Our new ability to know the world at a scale never before imaginable may not bring us our old type of understanding, but understanding and knowledge are not motivated only by the desire to feel that sudden gasp of insight. The opposite and ancient motive is to feel the breath of awe in the face of the almighty unknowability of our universe. A knowing that recognizes its object is so vast that it outstrips understanding makes us more capable of awe.
And, bonus question: Who would win in a fight, Clay Shirky or Nicholas Carr?
Carr would land some shallow punches, but then everbody would join with Shirky. So, no contest.
Cheap puns aside, my heart's with Shirky, although I liked Carr's The Shallows. It raises an important question, and pushes it hard. Further, when most people say that the Internet is making people stupid, they exempt themselves: it's those other people -- the ones I disagree with -- who are being made stupid. Carr on the other hand applies the critique to himself. He says he wants his old brain back.

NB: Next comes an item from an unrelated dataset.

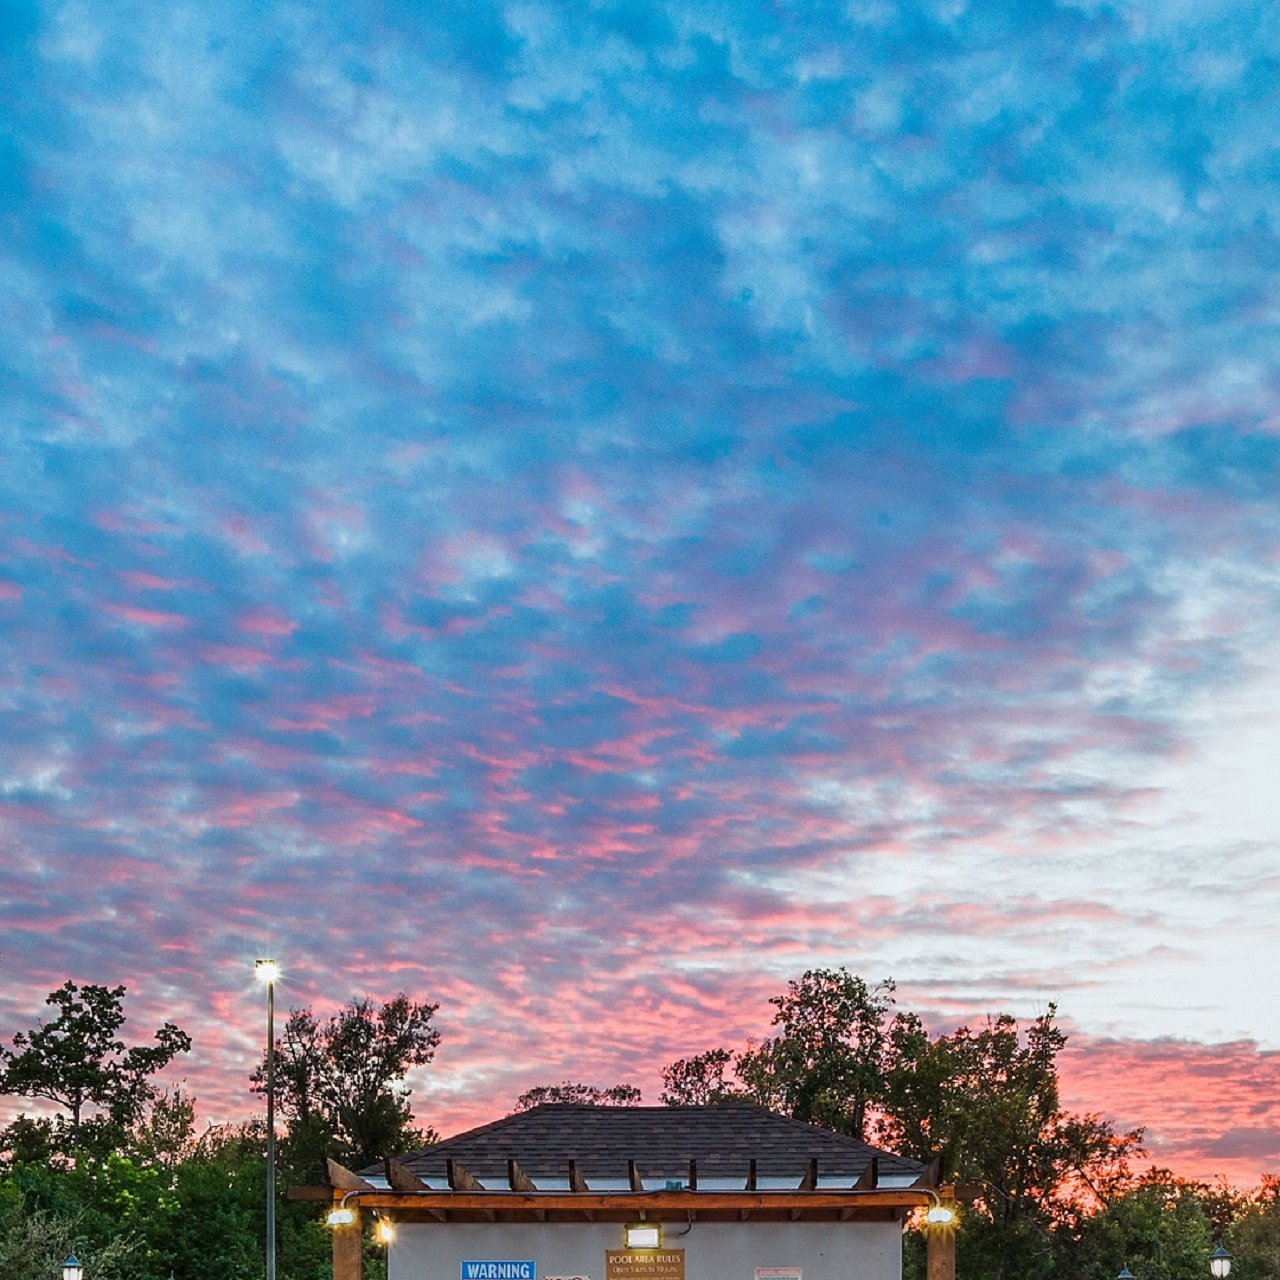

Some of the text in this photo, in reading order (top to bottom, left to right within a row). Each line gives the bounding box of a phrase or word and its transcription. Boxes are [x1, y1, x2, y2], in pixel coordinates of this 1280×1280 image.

[609, 1254, 681, 1264] POOL AREA RULES
[467, 1263, 530, 1279] WARNING

Another reason I like The Shallows: It provides a rare and clear example of actual technodeterminism, a charge usually leveled against Shirky and his ilk. (I pride myself in being ilked with Shirky.) Technodeterminism is the claim that technology by itself has predictable, determinant effects on people or culture. Usually, in my opinion, the charge is a strawman argument, for the Shirky Ilk doesn't think that the effect of technology is independent of the factors that shape social and cultural reactions. Differences in culture, class, education, psychology, and personal history all affect how someone reacts to any technology. Of course. But with that limitation strongly in mind, we still need to be able to discuss how a technology is affecting a culture in general. Generalizations can be a vehicle of truth, so long as they are understood to be only generally true.
If I didn't believe that, I couldn't have written Too Big to Know, for it is about the effect of the Internet on knowledge. I'm careful to scope it only to traditional Western knowledge, and avoiding technodeterminism is a topic within the book itself. But, there is a seeming irony -- or, worse, a self-contradiction -- in my railing against knowledge as a reduction of the buzzing, blooming confusion of the world in a book that, for example, tries to give a "history of facts" in one brief chapter. But it's only an irony if you think I'm condemning any form of general statement. I'm not. Knowledge will always find patterns that apply across particulars. (The equating of knowledge with universals is a different matter.) In fact, I'm Hegelian about this: The new knowledge continues to find generalities that connect individual instances, but because the new ecosystem is hyperlinked, we can go from the generalities back to the individual cases. And those generalizations are themselves linked into a system of difference and disagreement.
In any case, Carr's book is admirably, straightforwardly technodeterminist: mere interaction with the Internet rewires our brains and diminishes our capacity for important forms of thought. Carr may be right, he may be wrong, he may have his values right or inside out, but he in any case at last gives the anti-technodeterminists a target that is not made out of straw. As a Shirky Ilkist, I enjoy that the clearest target for the anti-technodeterminists is a pessimist about the Net, rather than the Shirkian optimists who otherwise are so often the targets of their ilk.